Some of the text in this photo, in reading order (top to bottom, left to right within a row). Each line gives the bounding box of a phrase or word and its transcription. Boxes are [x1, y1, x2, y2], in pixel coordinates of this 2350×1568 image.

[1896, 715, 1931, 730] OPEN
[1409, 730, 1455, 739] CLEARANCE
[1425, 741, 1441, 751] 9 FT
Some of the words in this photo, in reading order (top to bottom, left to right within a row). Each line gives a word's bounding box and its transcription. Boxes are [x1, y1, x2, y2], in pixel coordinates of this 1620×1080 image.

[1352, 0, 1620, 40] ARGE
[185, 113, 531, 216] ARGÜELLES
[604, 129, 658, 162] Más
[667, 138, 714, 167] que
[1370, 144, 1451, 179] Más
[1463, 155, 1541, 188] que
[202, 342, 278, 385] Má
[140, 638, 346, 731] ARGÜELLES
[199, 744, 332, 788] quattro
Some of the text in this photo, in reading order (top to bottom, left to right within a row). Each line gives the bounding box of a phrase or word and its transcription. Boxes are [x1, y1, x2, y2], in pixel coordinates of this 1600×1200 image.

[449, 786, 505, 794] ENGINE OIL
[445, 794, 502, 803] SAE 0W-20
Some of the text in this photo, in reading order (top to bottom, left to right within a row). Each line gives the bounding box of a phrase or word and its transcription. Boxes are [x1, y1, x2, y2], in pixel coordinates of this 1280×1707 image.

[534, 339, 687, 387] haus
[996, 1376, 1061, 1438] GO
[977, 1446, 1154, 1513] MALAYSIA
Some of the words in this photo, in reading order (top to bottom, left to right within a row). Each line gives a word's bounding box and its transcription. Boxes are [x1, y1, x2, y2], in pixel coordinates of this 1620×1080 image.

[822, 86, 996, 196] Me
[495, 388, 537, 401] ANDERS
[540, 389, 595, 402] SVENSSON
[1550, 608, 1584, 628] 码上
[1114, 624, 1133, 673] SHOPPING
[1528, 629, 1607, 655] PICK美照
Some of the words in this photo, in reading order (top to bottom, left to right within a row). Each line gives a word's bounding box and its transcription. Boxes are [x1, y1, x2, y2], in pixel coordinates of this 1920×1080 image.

_Aim of the task_.
The whole listing above, line by line, is to be retyped exactly.

_Output below_.
Some of the text in this photo, in reading order (top to bottom, left to right within a row). Each line gives the bounding box of a phrase or word and its transcription. Boxes are [x1, y1, x2, y2], in pixel coordinates of this 2350×1568 image.

[1896, 715, 1931, 730] OPEN
[1409, 730, 1455, 739] CLEARANCE
[1425, 741, 1441, 751] 9 FT
Some of the words in this photo, in reading order (top to bottom, left to right within a row). Each line gives a word's bounding box and its transcription. Boxes are [x1, y1, x2, y2], in pixel coordinates of this 1620×1080 image.

[1352, 0, 1620, 40] ARGE
[185, 113, 531, 216] ARGÜELLES
[604, 129, 658, 162] Más
[667, 138, 714, 167] que
[1370, 144, 1451, 179] Más
[1463, 155, 1541, 188] que
[202, 342, 278, 385] Má
[140, 638, 346, 731] ARGÜELLES
[199, 744, 332, 788] quattro
Some of the text in this photo, in reading order (top to bottom, left to right within a row). Each line gives the bounding box of a phrase or word and its transcription. Boxes are [x1, y1, x2, y2], in pixel coordinates of this 1600×1200 image.

[449, 786, 505, 794] ENGINE OIL
[445, 794, 502, 803] SAE 0W-20
Some of the text in this photo, in reading order (top to bottom, left to right within a row). Each line gives the bounding box of a phrase or word and its transcription. Boxes are [x1, y1, x2, y2], in pixel coordinates of this 1280×1707 image.

[534, 339, 687, 387] haus
[996, 1376, 1061, 1438] GO
[977, 1446, 1154, 1513] MALAYSIA
Some of the words in this photo, in reading order (top to bottom, left to right within a row). Each line gives a word's bounding box and its transcription. Boxes are [x1, y1, x2, y2], in pixel coordinates of this 1620×1080 image.

[822, 86, 996, 196] Me
[495, 388, 537, 401] ANDERS
[540, 389, 595, 402] SVENSSON
[1550, 608, 1584, 628] 码上
[1114, 624, 1133, 673] SHOPPING
[1528, 629, 1607, 655] PICK美照
Some of the words in this photo, in reading order (top to bottom, left to right within a row). Each line gives a word's bounding box and its transcription. Boxes are [x1, y1, x2, y2], in pixel coordinates of this 1920×1080 image.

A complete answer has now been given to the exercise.